Você acredita que com o fim da pandemia o formato físico e o digital podem conviver entre as produções dos museus e dos centros culturais?

Acredito no suporte digital (como o plug in Tainacan, que o Ibram vem difundindo) enquanto índices para o consumo de museus in loco. A experiência em um museu é justamente presenciar e viver aquilo, com base na imersão, nesse sentido não creio em substituição, mas a convivência e complementação de ações.

Claro que vai haver receio das pessoas em irem até esses espaços, mesmo com tanta gente ansiosa para botar o pé fora de casa. Principalmente na nossa realidade, na qual museus pegam fogo por falta de manutenção, vamos viver momentos sérios e restritivos. Não vejo , de um modo geral, as instituições públicas investindo de acordo com todos os protocolos ideais, como as privadas e estrangeiras. Isso vai impactar consideravelmente a troca com o público. O meio digital será fundamental para garantir o acesso à cultura por um bom tempo no Brasil. 

E durante a pandemia, o que um órgão como a FUNALFA tem feito para manter vivos os projetos?

Estamos com uma série de ações on line através de todos os espaços: oficinas, posts de memória, divulgação de outros artistas, etc.Como gerenciamos o CCBM, o Museu Ferroviário de Juiz de Fora, a Casa de Leitura Delfina Fonseca Lima, a Biblioteca Municipal Murilo Mendes, o Teatro Paschoal Carlos Magno, Praça CEU e o Programa Gente em Primeiro Lugar, haja material.

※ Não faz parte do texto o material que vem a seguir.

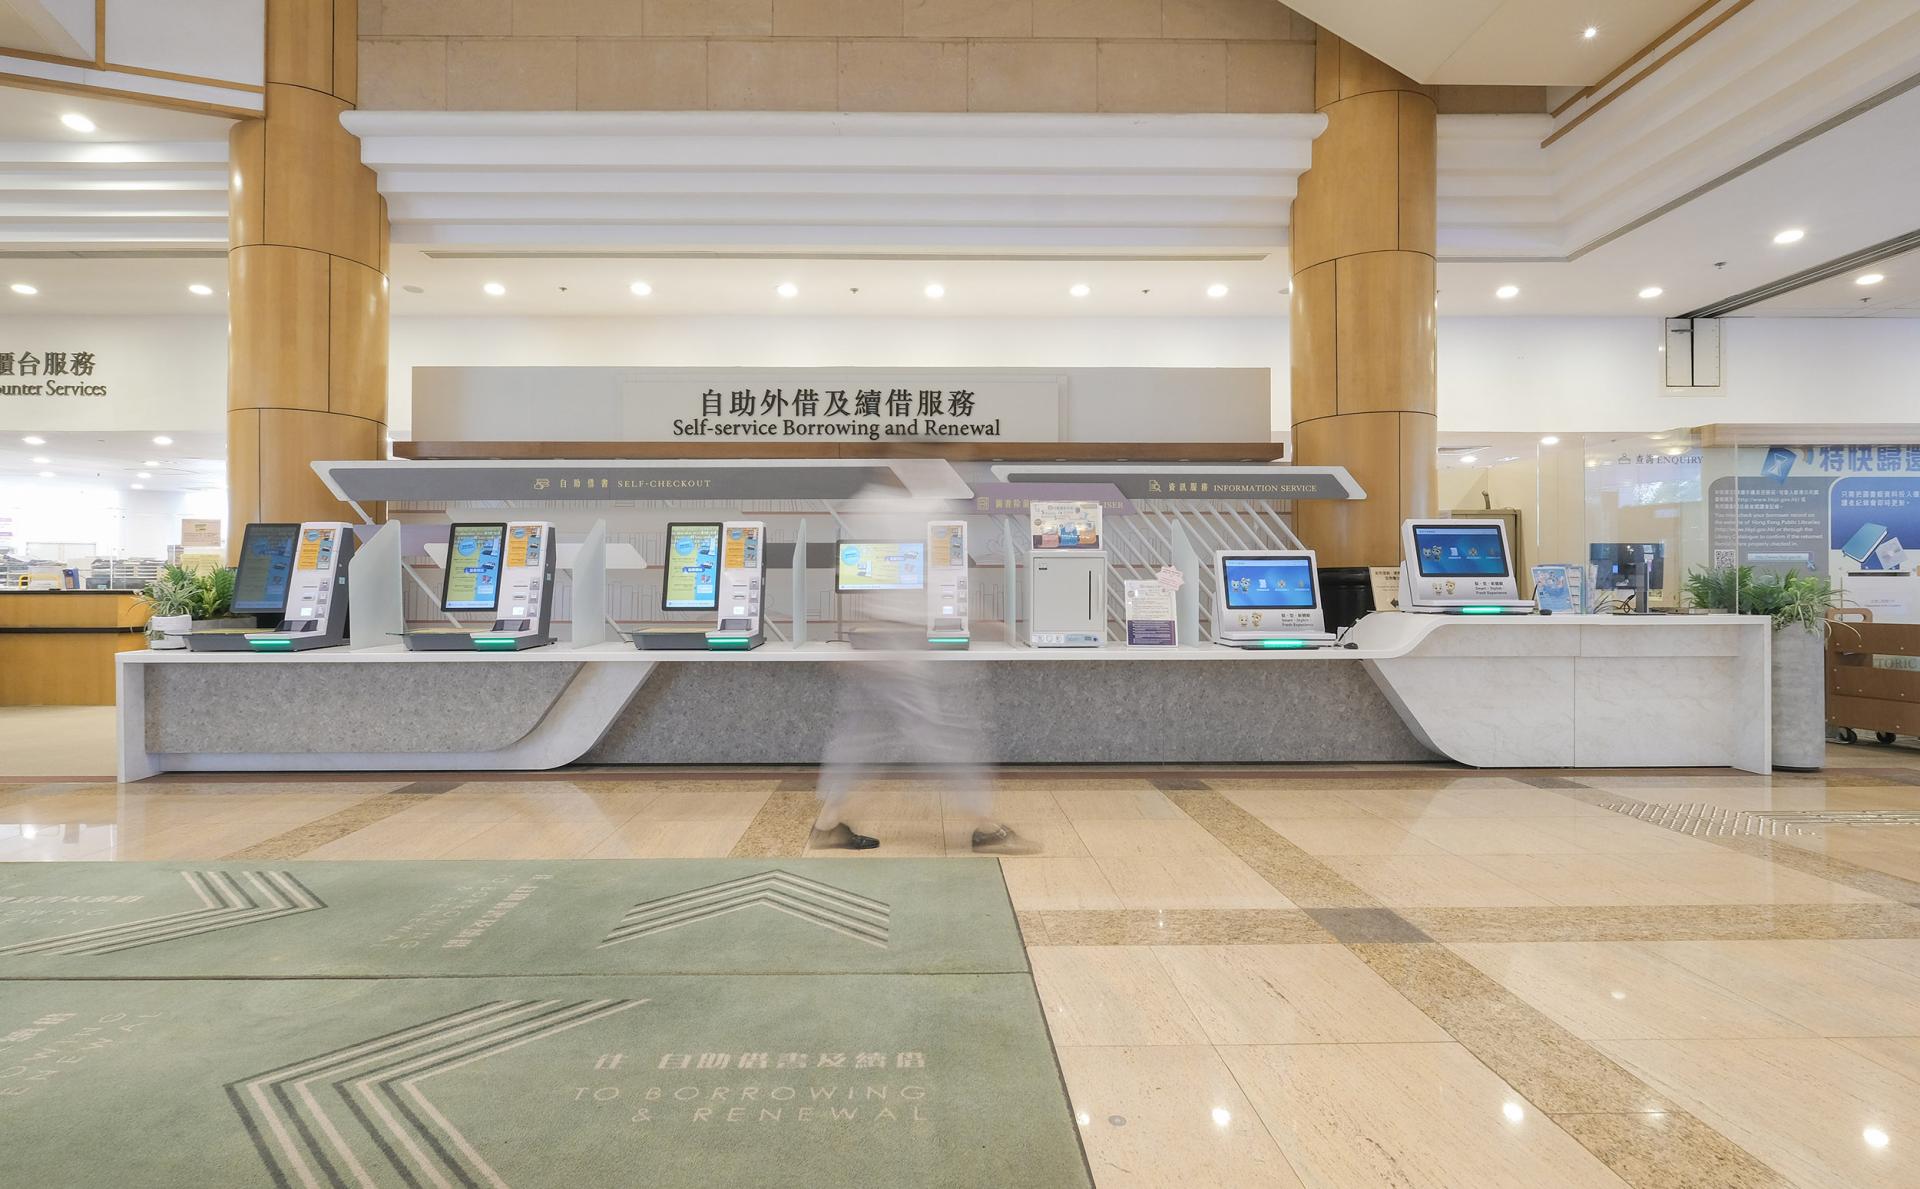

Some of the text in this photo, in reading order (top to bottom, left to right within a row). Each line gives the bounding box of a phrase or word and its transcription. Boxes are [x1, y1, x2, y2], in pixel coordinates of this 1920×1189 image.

[0, 351, 96, 376] 櫃台服務
[0, 379, 107, 396] unter Services
[701, 388, 976, 418] 自助外借及續借服務
[672, 418, 1001, 440] Self-service Borrowing and Renewal
[1657, 455, 1703, 464] ENQUIRY
[617, 479, 712, 488] SELF-CHECKOUT
[1213, 484, 1317, 493] INFORMATION SERVICE
[575, 1085, 926, 1101] TO BORROWING
[692, 1106, 929, 1122] RENEWAL

Cada um tem um perfil nas mídias sociais, gerando conteúdo o tempo inteiro.

A Funalfa mesmo, em seu perfil, tem feito muitas série de postagens legais como a “Prata da Casa”, “Culinária e Memória”, #tbt’s com fatos interessantes da nossa História e outros posts.

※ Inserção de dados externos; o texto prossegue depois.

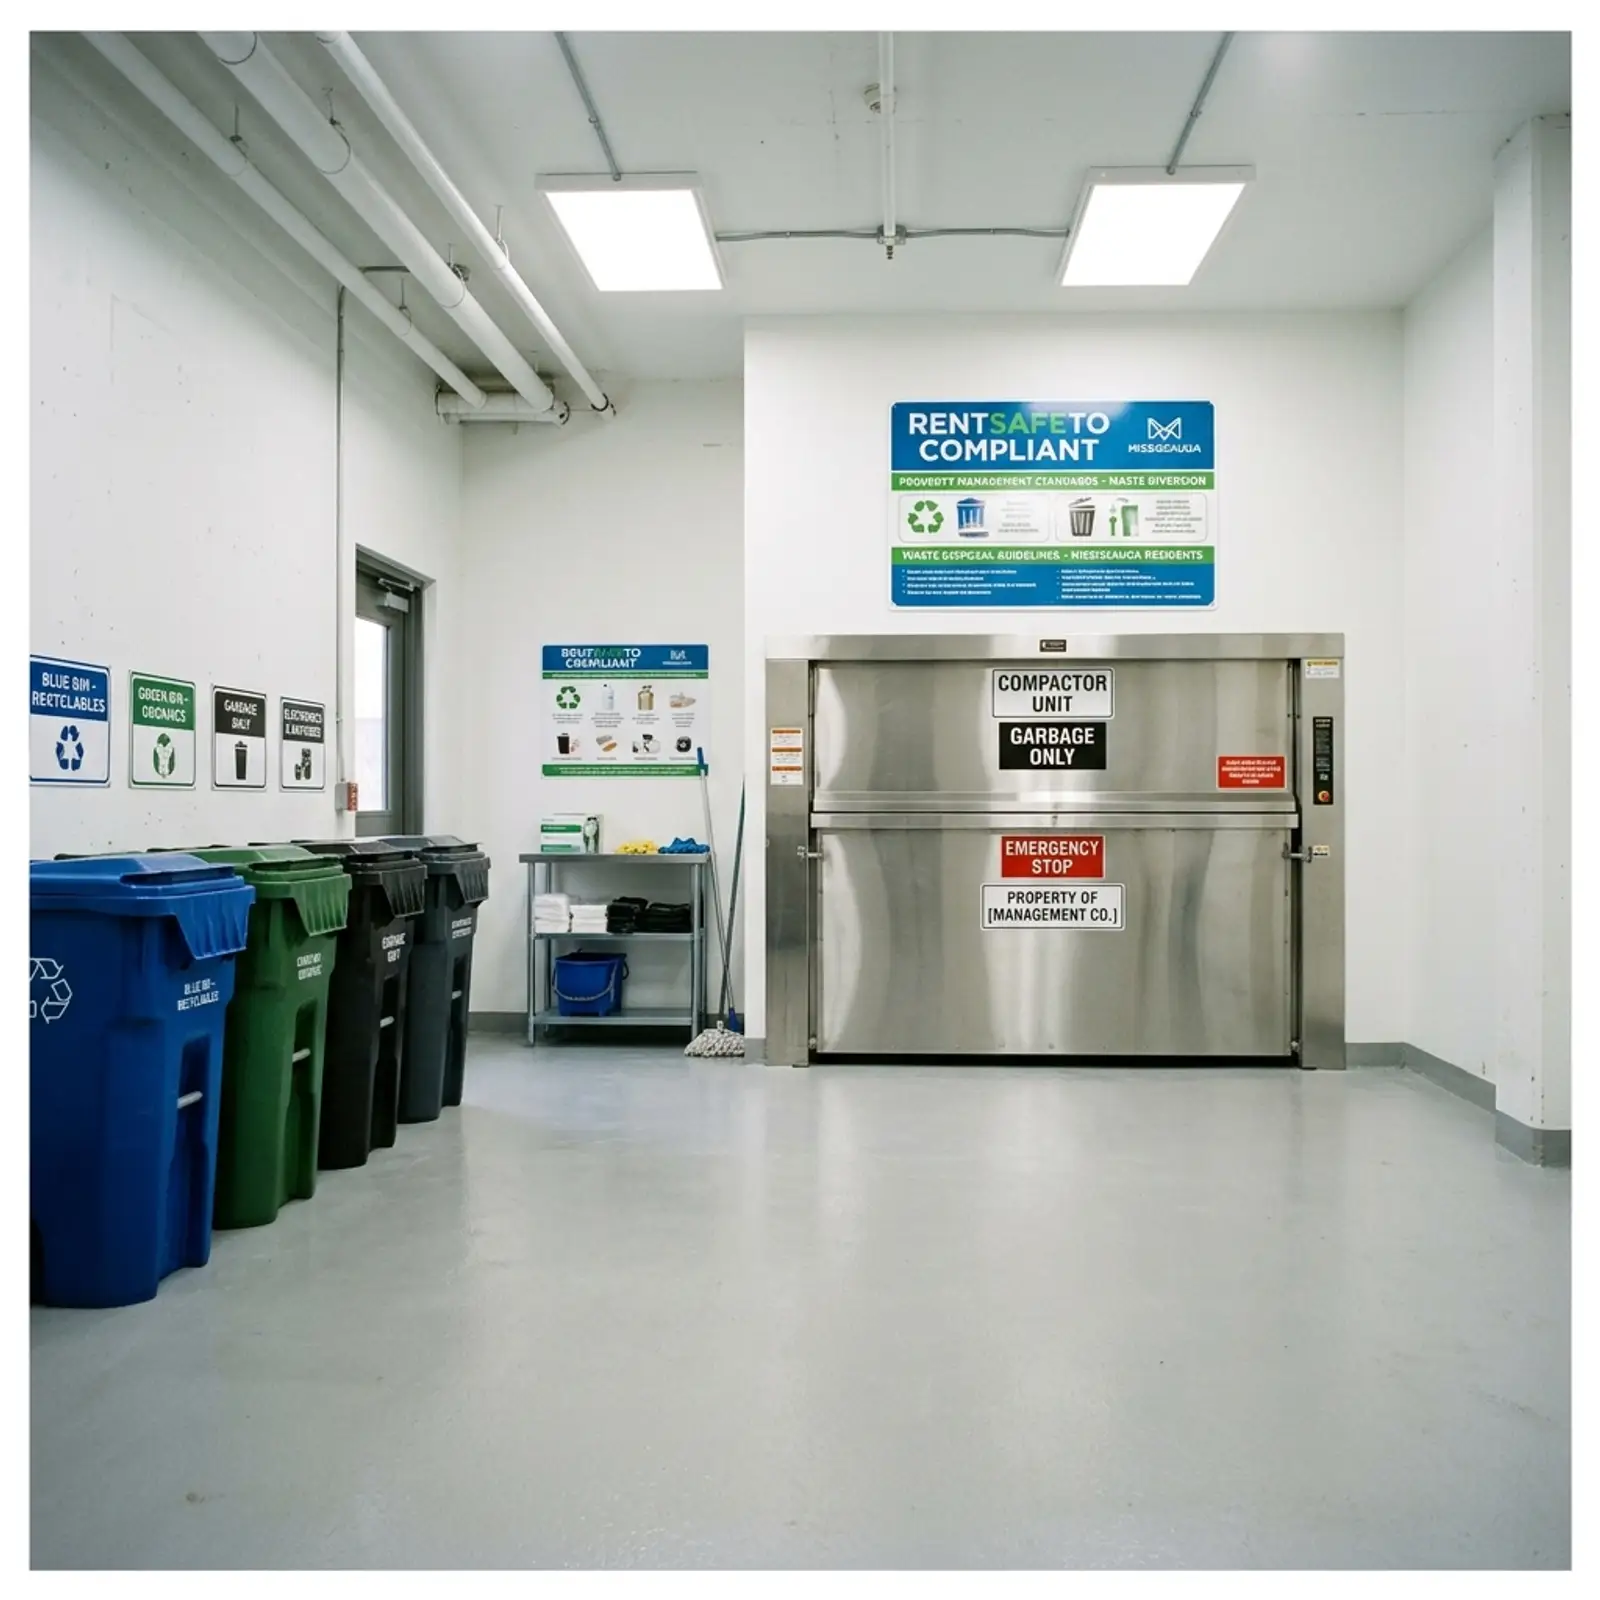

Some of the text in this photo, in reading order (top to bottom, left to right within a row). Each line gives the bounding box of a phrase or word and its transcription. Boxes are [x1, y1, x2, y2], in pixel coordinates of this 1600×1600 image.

[909, 412, 1110, 436] RENTSAFETO
[919, 439, 1100, 462] COMPLIANT
[997, 674, 1108, 693] COMPACTOR
[1032, 695, 1073, 713] UNIT
[1009, 726, 1096, 745] GARBAGE
[1029, 747, 1077, 766] ONLY
[1005, 840, 1100, 856] EMERGENCY
[1031, 859, 1074, 874] STOP
[1006, 891, 1098, 904] PROPERTY OF
[988, 907, 1118, 923] [MANAGEMENT CO.]

Fizemos também uma série de conversas com vários setores da cultura no início da pandemia, a fim de entender as demandas da classe como um todo. Isso fez com que a gente pudesse implementar ações como a abertura do Cadastro Municipal de Cultura, pudesse enxergar a programação de editais para destinação de verbas como a da Lei Aldir Blanc.

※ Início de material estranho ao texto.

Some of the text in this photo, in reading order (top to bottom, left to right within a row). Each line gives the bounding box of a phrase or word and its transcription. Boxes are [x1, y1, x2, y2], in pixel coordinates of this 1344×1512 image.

Cartazes de edições do Festival Bandas Novas realizados no CCBM

No mais, você pode matar saudades sem correr os riscos  da aglomeração roqueira ou descobrir e redescobrir alguns nomes que eram “arroz de festa” nas filipetas que corriam na mão dos adolescentes. Sem reclamar da cena de hoje, por favor, se não chamamos a carrocinha pra Goiânia pra você . A exposição está em cartaz nesse link  e pode ser acessada a qualquer momento e por meio de qualquer dispositivo ligado a rede mundial de computadores.